Desmond Tutu: I in a way give thanks to God for what happened to Michael. He speaks about forgiveness in a way that he probably knows his Archbishop who is about to leave, doesnÕt always agree. But he is an icon, a living example of the kind of thing that we are trying to help be incarnated, be enfleshed in our country. I give thanks to God for you, Michael, and I also give thanks for the experience through which you went, because you can talk about crucifixion and resurrection because it is real, it is in your body.
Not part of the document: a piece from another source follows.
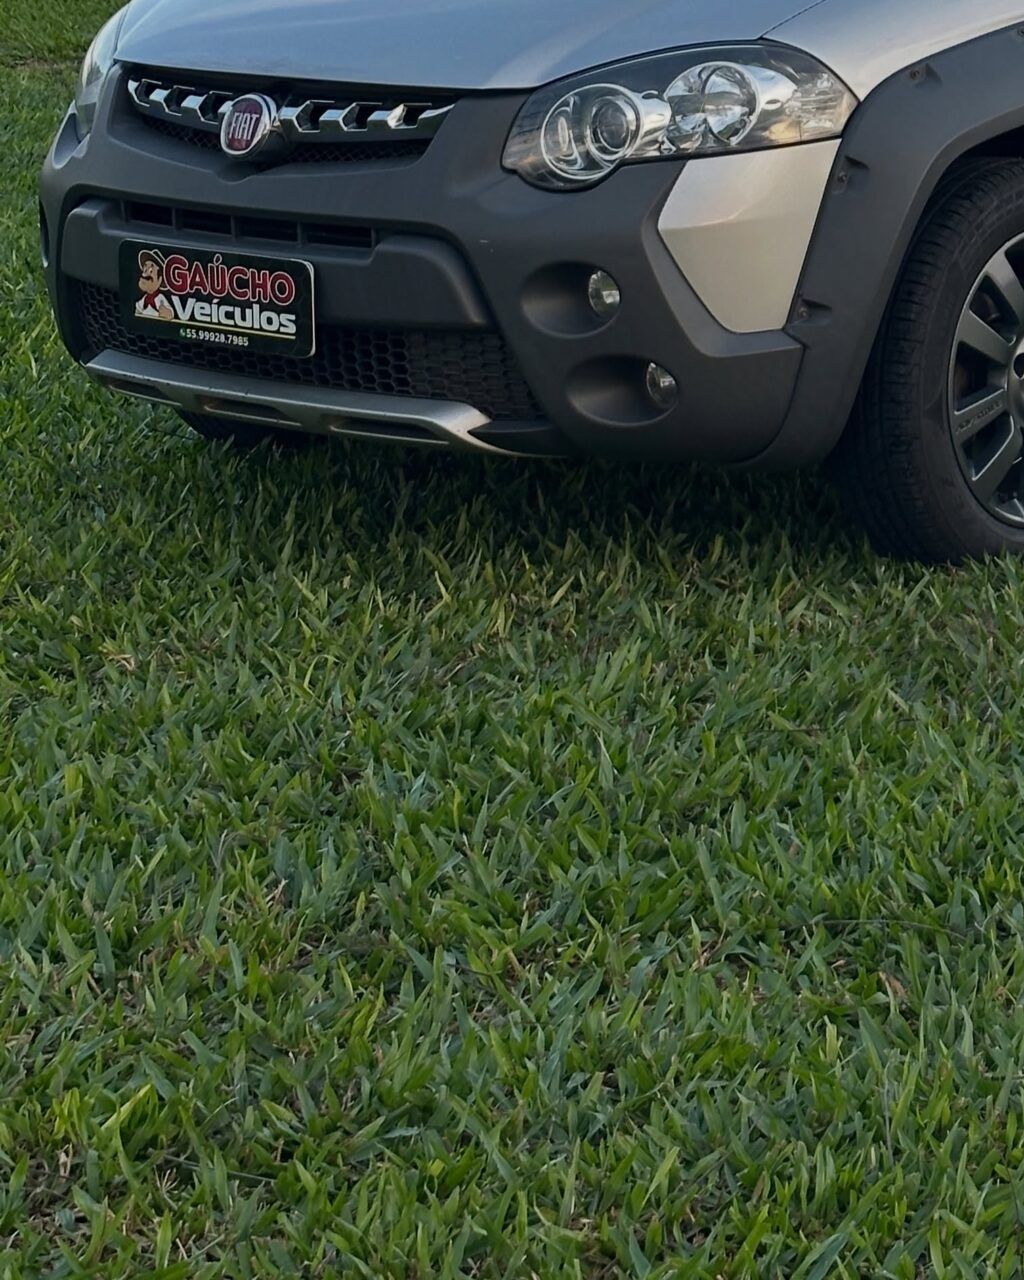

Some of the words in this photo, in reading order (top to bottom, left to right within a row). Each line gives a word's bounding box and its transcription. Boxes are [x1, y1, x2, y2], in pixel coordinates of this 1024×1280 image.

You should see when he celebrates the Eucharist, I have sometimes stood next to him and I got a little worried whether he was not going to overturn the Chalice or something, and there is an incredible kind of hush in almost every service that I have been with you, because people somehow feel that they are in touch with goodness. In an awful situation somehow they are aware that they are in touch with light in darkness, that they are in touch with life in death, and somehow they know goodness is going to triumph over evil.